Contrary to traditional and denominational thinking, the word “baptism” in the Bible does not always refer to water (there are more than one dozen “baptisms” in Scripture)! Denominations argue over mode (sprinkling, pour, immersion). They argue over who should be baptized: babies, children, adults, etc. In whose name: the Father, Son, and Holy Spirit, or in just the name of Jesus Christ? So many water baptisms, even in pagan religions, so many modes, so much confusion, so little right division. In the Dispensation of Grace, we do not need water baptism at all—neither for salvation nor a testimony. This one baptism that we need today is when the Holy Spirit takes a newly converted Christian and places him or her into the Body of Christ, supernaturally. There is no water involved. In doing this, we are identified with Christ’s death, burial, and resurrection (our old nature is put to death with Christ, buried and hidden with Him forever, and we are raised again with a new identity).

(Romans 8:15; Romans 15:6; 1 Corinthians 8:6; 2 Corinthians 1:3,4; 2 Corinthians 6:18; Galatians 4:1-7; Colossians 1:12; et al.)
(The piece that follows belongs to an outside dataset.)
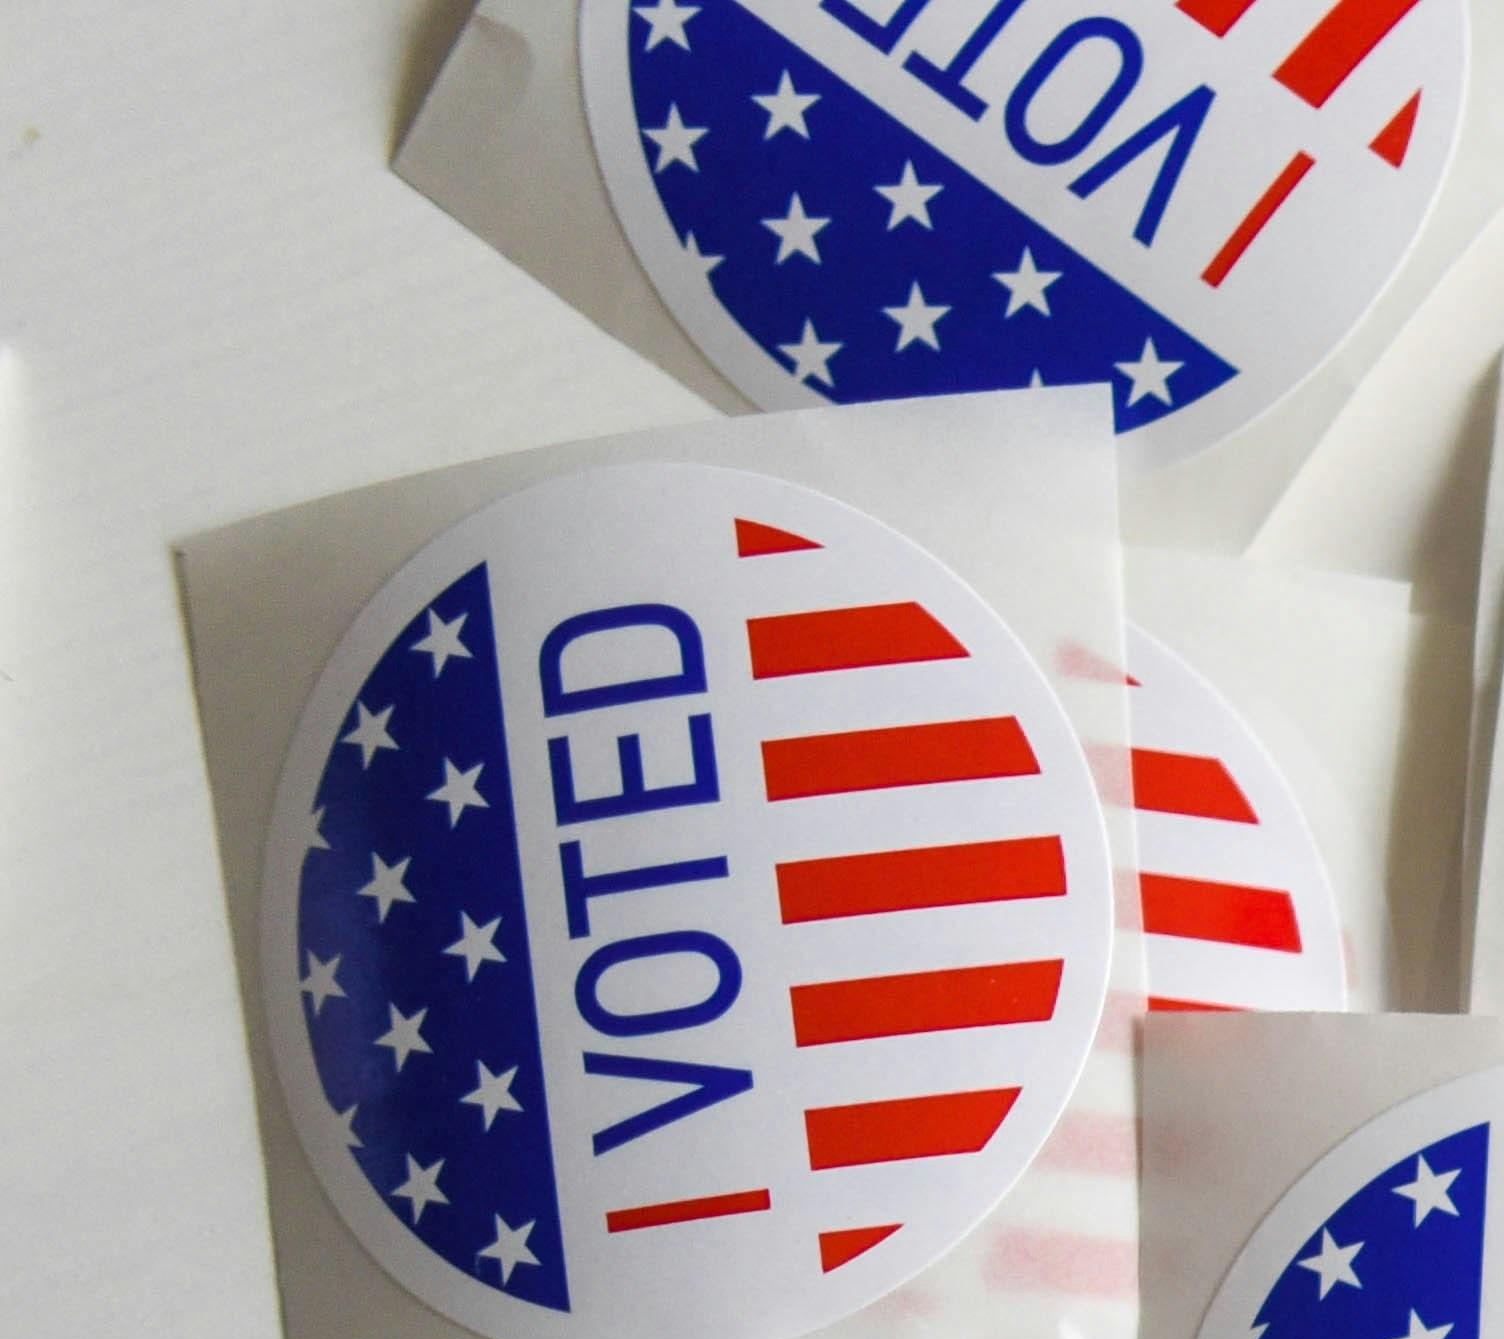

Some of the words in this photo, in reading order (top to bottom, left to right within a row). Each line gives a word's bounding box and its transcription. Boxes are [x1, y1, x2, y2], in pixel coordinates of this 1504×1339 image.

Now, we can take this two ways. First, this is speaking against polytheism (the existence of many gods). But, the other way in looking at this runs along the lines of one Spirit and one Lord. God the Father is not operating with mankind as He did in time past. He is not dealing in chastisement when we do not listen to Him. In this Dispensation of Grace, Paul says that we cry “Abba, Father.” What does that mean? Going to Mark 14:36, we read of Jesus Christ speaking to God the Father: “And he [Christ] said, Abba, Father, all things are possible unto thee; take away this cup from me: nevertheless not what I will, but what thou wilt.” Paul writes that today, as a son of God and a joint-heir with Christ, we have been equipped to do God’s will. The only thing we need to do is submit to His will, like Jesus Christ submitted to the Father’s will! God wants us to tell everyone about the Gospel of Grace, and He wants to submit to His working in us. How exciting!